[THE DATA]:
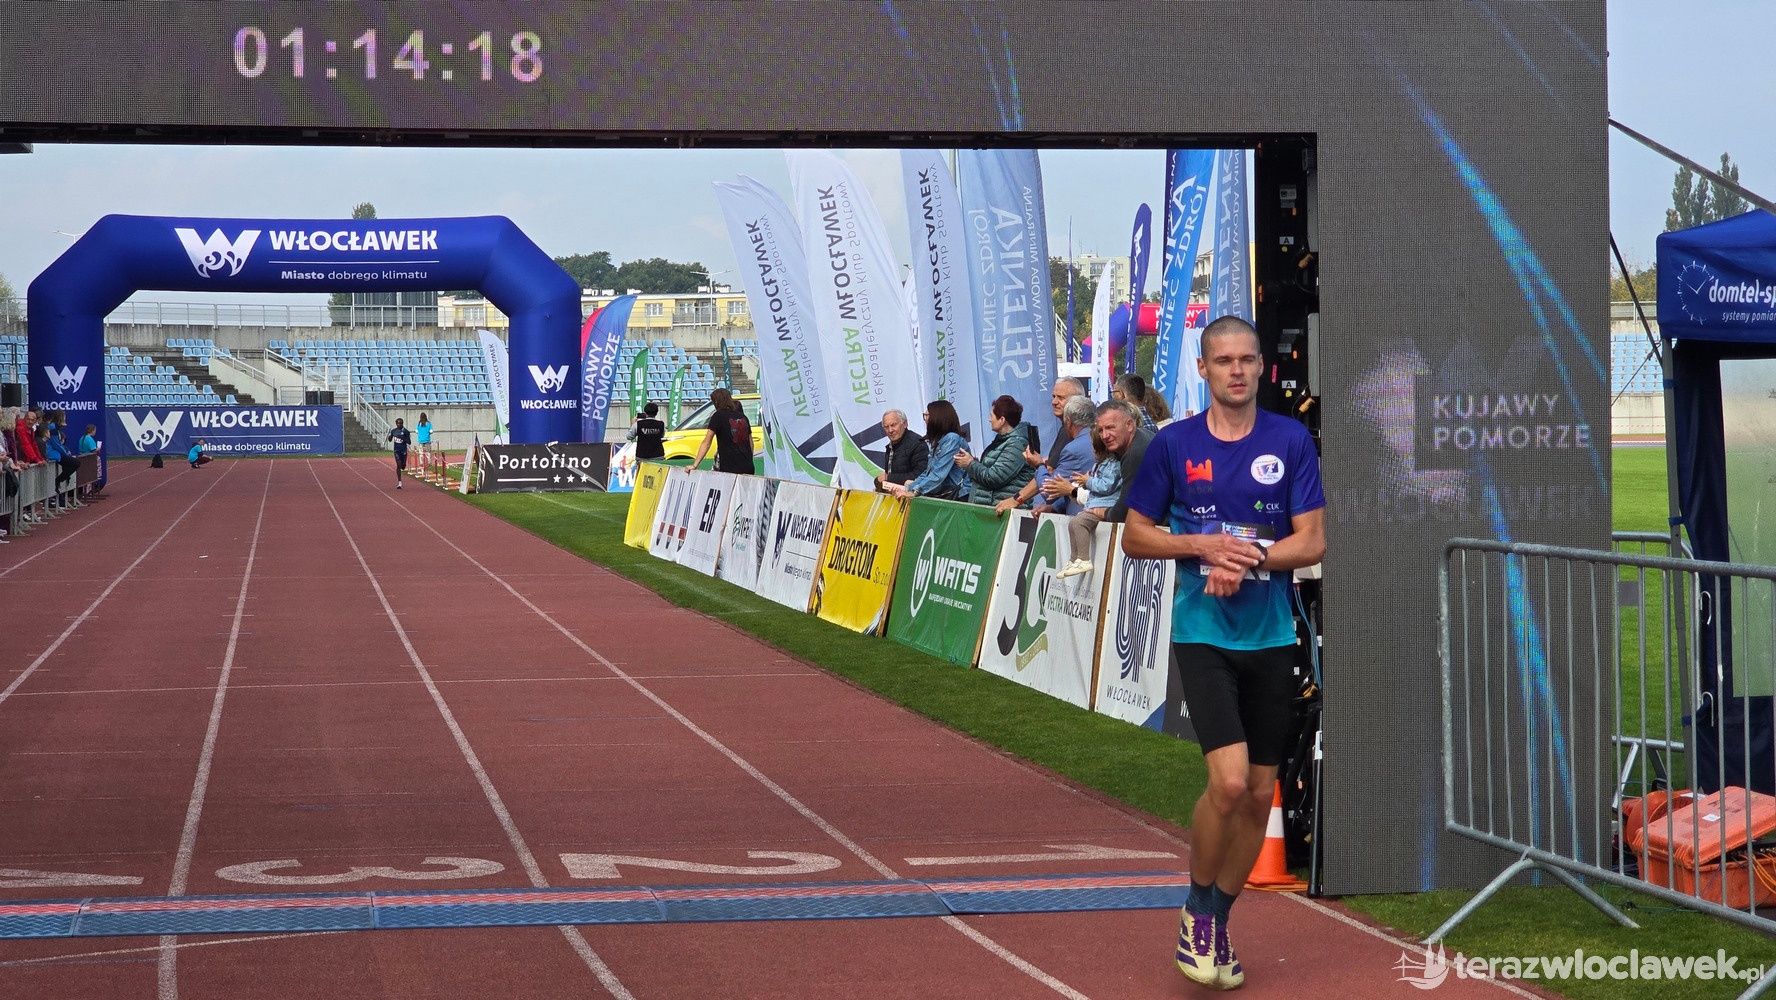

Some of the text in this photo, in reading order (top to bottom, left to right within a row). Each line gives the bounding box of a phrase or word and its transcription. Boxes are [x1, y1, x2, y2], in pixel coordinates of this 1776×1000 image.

[233, 27, 543, 82] 01:14:18
[269, 230, 438, 251] WŁOCŁAWEK
[281, 269, 427, 283] Miasto dobrego klimatu
[1722, 311, 1751, 323] systemy
[1156, 278, 1180, 393] WIENIEC
[582, 341, 603, 418] KUJAWY
[592, 332, 620, 421] POMORZE
[37, 401, 98, 410] WŁOCŁAWEK
[520, 400, 578, 409] WŁOCŁAWEK
[1433, 394, 1559, 418] KUJAWY
[190, 410, 319, 428] WŁOCŁAWEK
[200, 441, 311, 452] Miasto dobrego klimatu
[1433, 424, 1592, 450] POMORZE
[499, 453, 592, 470] Portofino
[828, 536, 879, 580] DROGTOM
[934, 556, 982, 594] WATIS
[1107, 684, 1151, 711] WŁOCŁAWEK
[560, 850, 841, 879] 2
[904, 844, 1180, 867] 1
[215, 856, 504, 884] 3

[PROBLEM]: Print all the material above exactly, and drop the images.

[RESPONSE TO THE EXERCISE]:
Some of the text in this photo, in reading order (top to bottom, left to right within a row). Each line gives the bounding box of a phrase or word and its transcription. Boxes are [x1, y1, x2, y2], in pixel coordinates of this 1776×1000 image.

[233, 27, 543, 82] 01:14:18
[269, 230, 438, 251] WŁOCŁAWEK
[281, 269, 427, 283] Miasto dobrego klimatu
[1722, 311, 1751, 323] systemy
[1156, 278, 1180, 393] WIENIEC
[582, 341, 603, 418] KUJAWY
[592, 332, 620, 421] POMORZE
[37, 401, 98, 410] WŁOCŁAWEK
[520, 400, 578, 409] WŁOCŁAWEK
[1433, 394, 1559, 418] KUJAWY
[190, 410, 319, 428] WŁOCŁAWEK
[200, 441, 311, 452] Miasto dobrego klimatu
[1433, 424, 1592, 450] POMORZE
[499, 453, 592, 470] Portofino
[828, 536, 879, 580] DROGTOM
[934, 556, 982, 594] WATIS
[1107, 684, 1151, 711] WŁOCŁAWEK
[560, 850, 841, 879] 2
[904, 844, 1180, 867] 1
[215, 856, 504, 884] 3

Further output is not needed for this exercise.